Support businesses discovering Innovation Square
Published: Friday, May 24, 2013 at 6:01 a.m.
Last Modified: Thursday, May 23, 2013 at 6:19 p.m.
Innovation Square is drawing more than high-tech businesses.
With software and medical companies filling in the University of Florida Innovation Hub and the former Ayers Medical Plaza — and more buildings to come — businesses that provide services to other businesses are moving in to take advantage of the opportunities, both new and anticipated.
Recent months have seen two construction companies, an architect, an office furniture business and a patent attorney move into renovated offices that once housed medical practices around the old Shands at AGH site on Southwest Second Avenue at Seventh Street that is now home to the Hub.
Bigger changes are in store.
Trimark Properties hopes to break ground next month on the eight-story Infusion Technology Center next to the Hub. Managing Partner John Fleming said the developer has serious interest from a handful of tech companies, including three that want multiple floors.
And Ed Poppell of the University of Florida Development Corporation said he is working with developers who hope to bring a hotel, grocery store and apartments to the Square.
The Gainesville architectural firm Ponikvar & Associates moved to the renamed Ayers Technology Plaza building and turned its new office into a showcase for business furniture in partnership with OEC Business Interiors.
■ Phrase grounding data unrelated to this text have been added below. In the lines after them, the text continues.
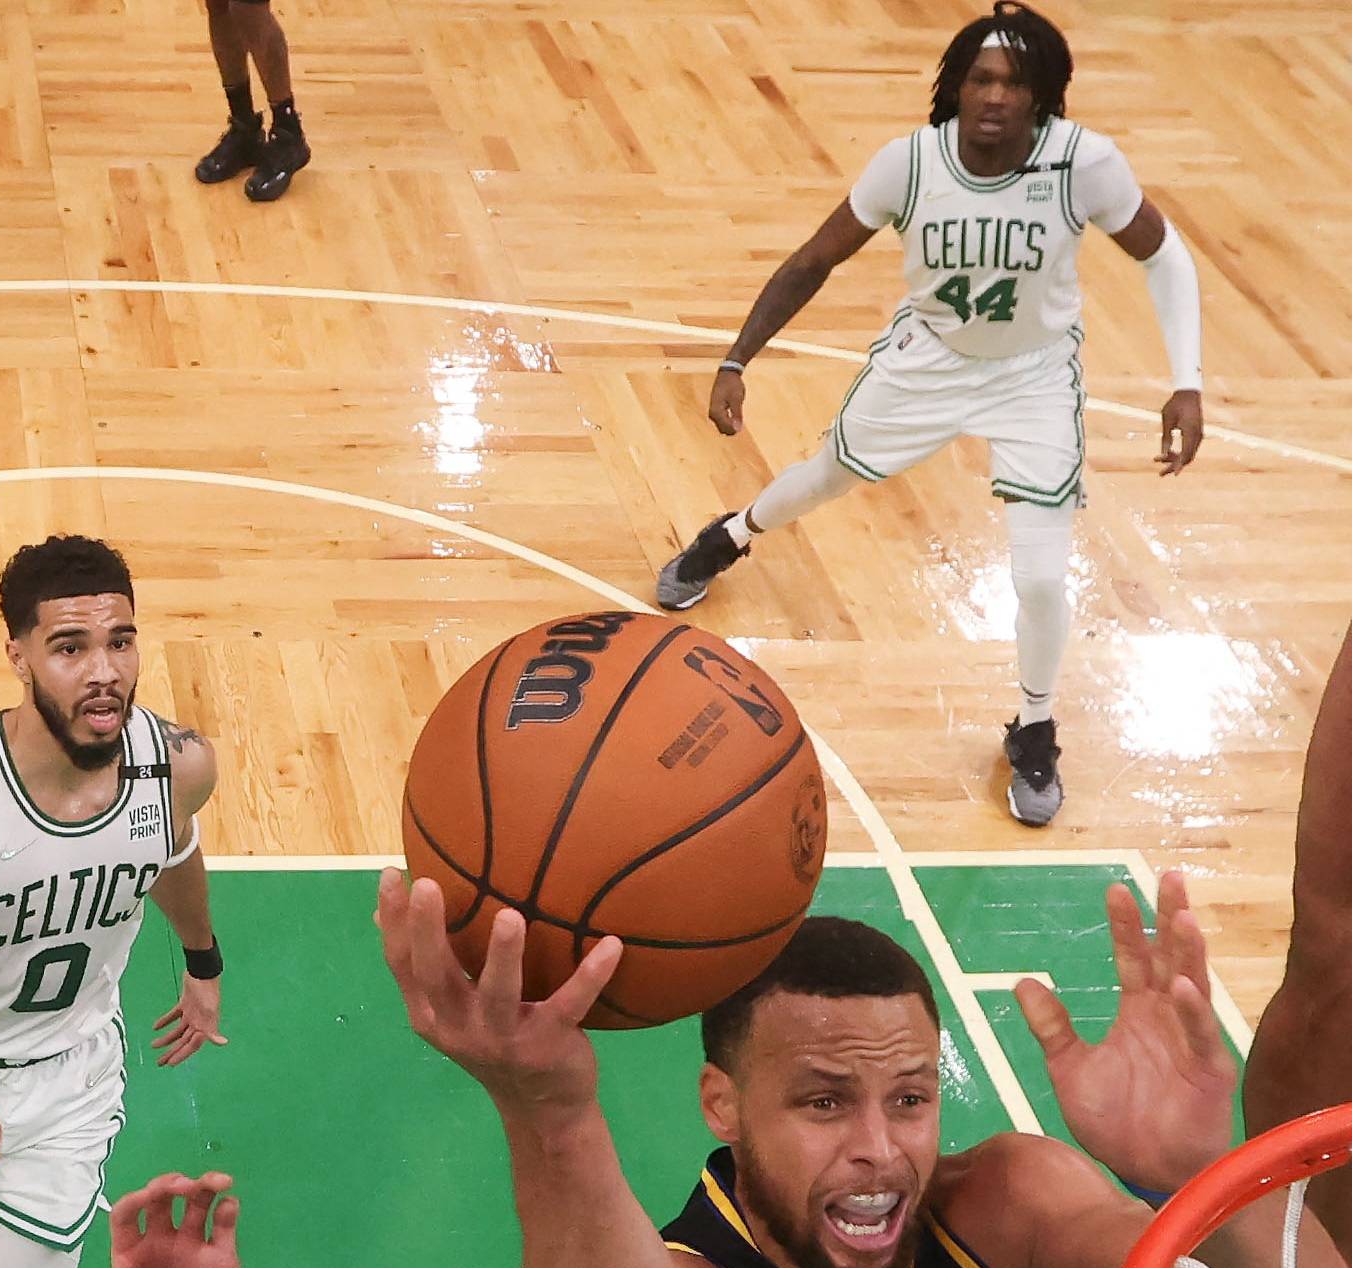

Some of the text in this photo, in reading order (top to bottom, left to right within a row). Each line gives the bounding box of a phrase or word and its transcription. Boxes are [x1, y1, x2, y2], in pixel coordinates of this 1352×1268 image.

[922, 216, 1046, 271] CELTICS
[934, 275, 1018, 323] 44
[138, 766, 153, 779] 24
[129, 804, 161, 826] VISTA
[130, 822, 161, 841] PRINT
[8, 942, 91, 1013] 0
Prospects interested in opening businesses in the area can drop in to see what a renovated office can look like, while giving Ponikvar and OEC a leg up to offer their services.
"If there's going to be growth in Gainesville, this is the area where that's going to happen, and we would like to be part of that," President April Ponikvar said about the decision to move from the Florida Farm Bureau building south of Williston Road near Interstate 75 into the Ayers Technology Plaza.
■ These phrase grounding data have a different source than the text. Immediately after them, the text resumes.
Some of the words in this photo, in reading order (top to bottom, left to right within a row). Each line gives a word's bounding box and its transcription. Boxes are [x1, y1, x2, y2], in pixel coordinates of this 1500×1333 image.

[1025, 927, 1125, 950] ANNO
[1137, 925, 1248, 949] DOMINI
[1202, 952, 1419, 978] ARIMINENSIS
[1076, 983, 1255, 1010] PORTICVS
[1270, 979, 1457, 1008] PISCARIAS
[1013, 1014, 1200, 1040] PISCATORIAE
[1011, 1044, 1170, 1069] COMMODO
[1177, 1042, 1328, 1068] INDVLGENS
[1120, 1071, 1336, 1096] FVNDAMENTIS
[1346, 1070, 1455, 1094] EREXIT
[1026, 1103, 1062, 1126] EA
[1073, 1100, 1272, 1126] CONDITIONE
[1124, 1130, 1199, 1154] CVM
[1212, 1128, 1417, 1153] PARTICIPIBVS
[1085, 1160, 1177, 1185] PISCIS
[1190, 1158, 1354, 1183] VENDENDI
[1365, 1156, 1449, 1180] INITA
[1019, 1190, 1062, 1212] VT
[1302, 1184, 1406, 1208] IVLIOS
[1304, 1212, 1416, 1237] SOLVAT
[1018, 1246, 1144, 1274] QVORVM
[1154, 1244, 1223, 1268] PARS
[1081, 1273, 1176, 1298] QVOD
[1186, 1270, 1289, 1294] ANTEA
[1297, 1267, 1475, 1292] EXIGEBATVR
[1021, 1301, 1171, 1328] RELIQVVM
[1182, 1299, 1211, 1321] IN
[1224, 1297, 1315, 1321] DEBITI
The firm already had designed the Innovation Hub and software company Mindtree's renovated office space in the Ayers building before moving in January and is now doing design work for other companies in the area, Ponikvar said.
Office Environments, a Herman Miller office furniture dealer based in Birmingham, Ala., opened in Gainesville in April with a small showroom in a suite at 108 SW Sixth St. Before that, local account executive Judy Osbirn worked out of a home office for a few months.
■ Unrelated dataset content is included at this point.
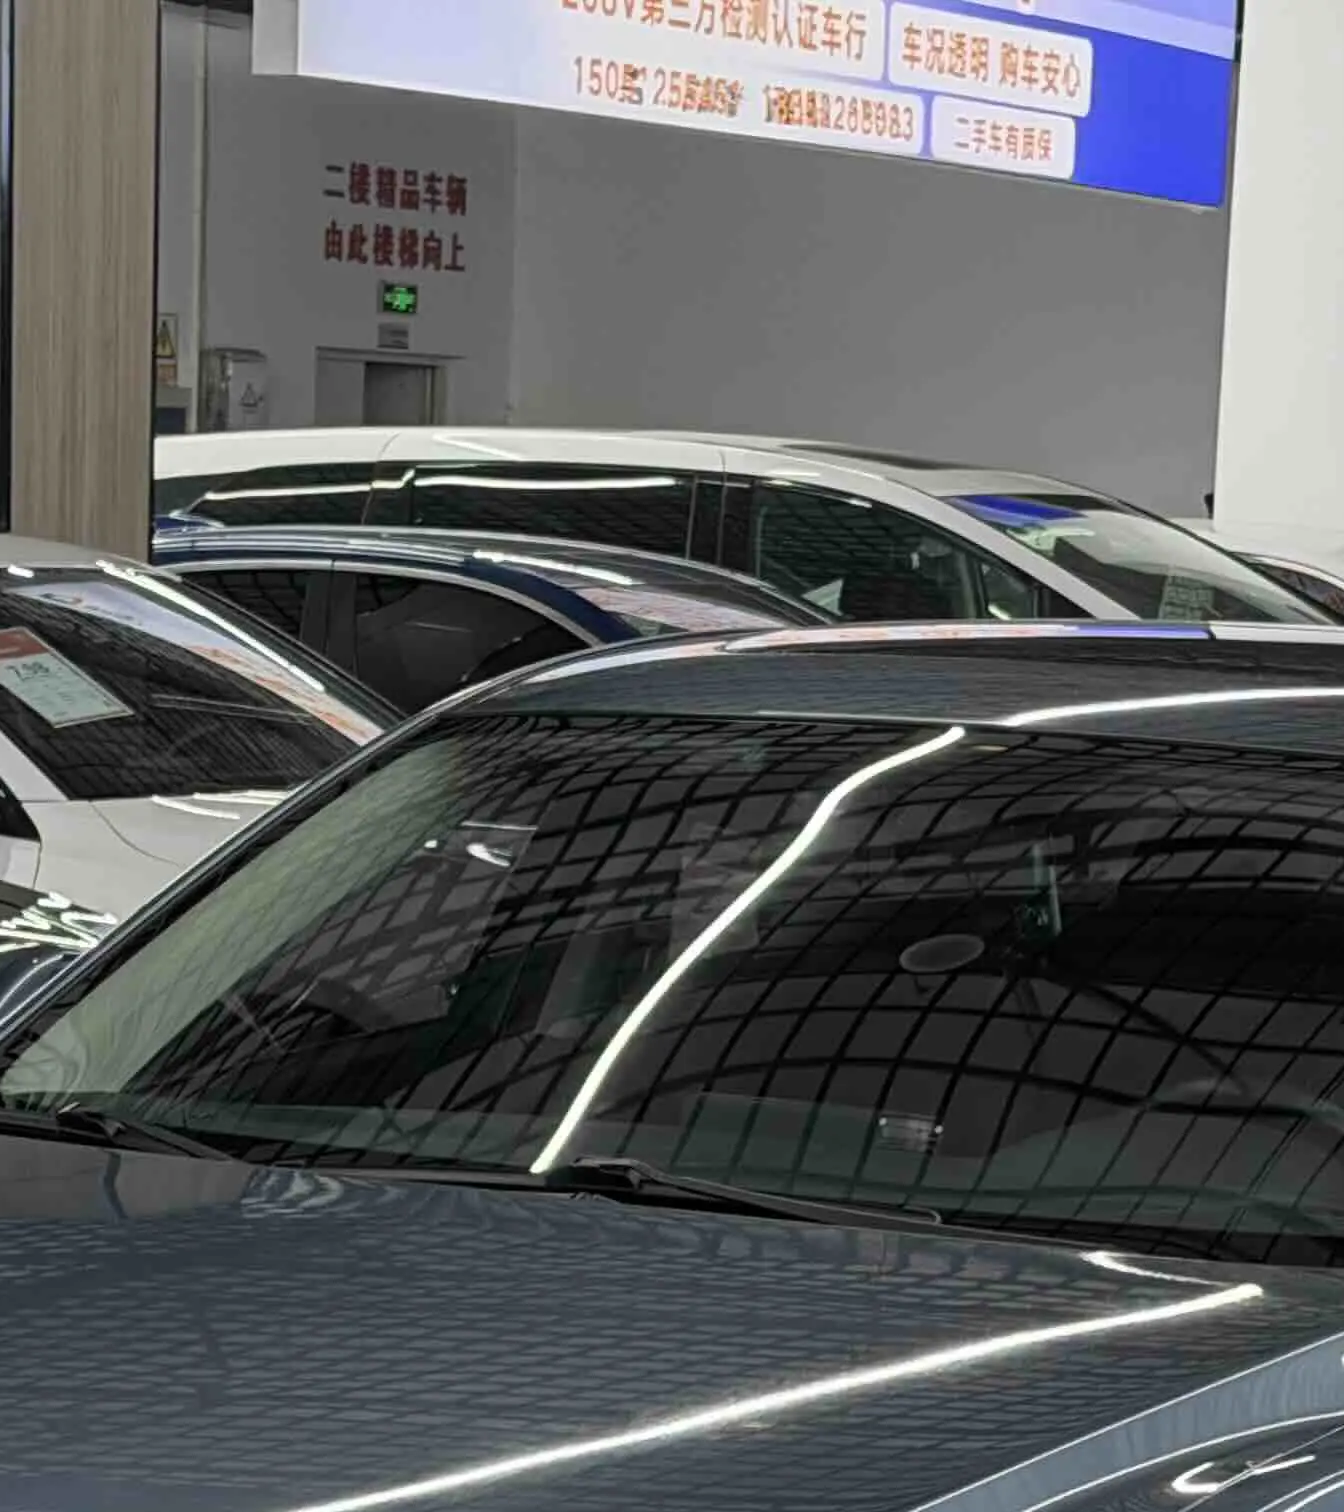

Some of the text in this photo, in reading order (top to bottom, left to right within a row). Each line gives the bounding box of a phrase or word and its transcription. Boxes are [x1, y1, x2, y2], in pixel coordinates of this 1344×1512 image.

[902, 22, 1081, 98] 车况透明 购车安心
[323, 162, 468, 216] 二楼精品车辆
[323, 218, 466, 272] 由此楼梯向上
Osbirn said the company was "very aware of the innovation and growth that was going on in Gainesville."
She said she has been doing business with the University of Florida and wanted to be closer.
"We're right in the middle of everything going on in Gainesville," Osbirn said.
"We felt like this is where everything is happening, being next to the Innovation Hub and the one going up next to it. It's really helped us connect."
Within the same building, which also includes student startup company Fracture, the international commercial construction firm Skanska has opened an office.
Another commercial builder, Gainesville-based Charles Perry Partners Inc., recently moved its Diversified Projects Division to the 706 at Innovation Square building on Southwest Fourth Avenue. CPPI, which built the Hub, was expected to be one of five general contractors to put in a bid on the Infusion Technology Center, for which proposals were due Thursday, according to Trimark. Construction is expected to take 12 to 13 months.
Fleming said the prospects for the building include large established companies that either have or want to have research relationships with UF, including companies in information technology and biotech.
Trimark has renovated three former medical offices for tech companies around the Square recently and plans to renovate three more starting in the next month. Boston-based software company Mobiquity is starting a Gainesville office at 237 SW Seventh Terrace with plans to move into bigger space as the office grows toward a goal of 260 employees in three years.
Trimark, a student housing business before expanding into the office space business at Innovation Square, plans to start building apartments for students and young professionals at the southern edge of the Square on Fifth Avenue in August, Fleming said.
Poppell said the vision is to "keep the flywheel spinning" of courting and announcing new companies and building new buildings.
One of the possible announcements is BioMonde, a United Kingdom-based wound-care company that is interested in opening a lab in the Hub with 18 jobs if its application for incentives is approved.
"We've got a couple more companies to announce," Poppell said. "We've got a couple in the discussion phases. You just don't know where they're going, but they're teed up. They're interested, and we're dancing.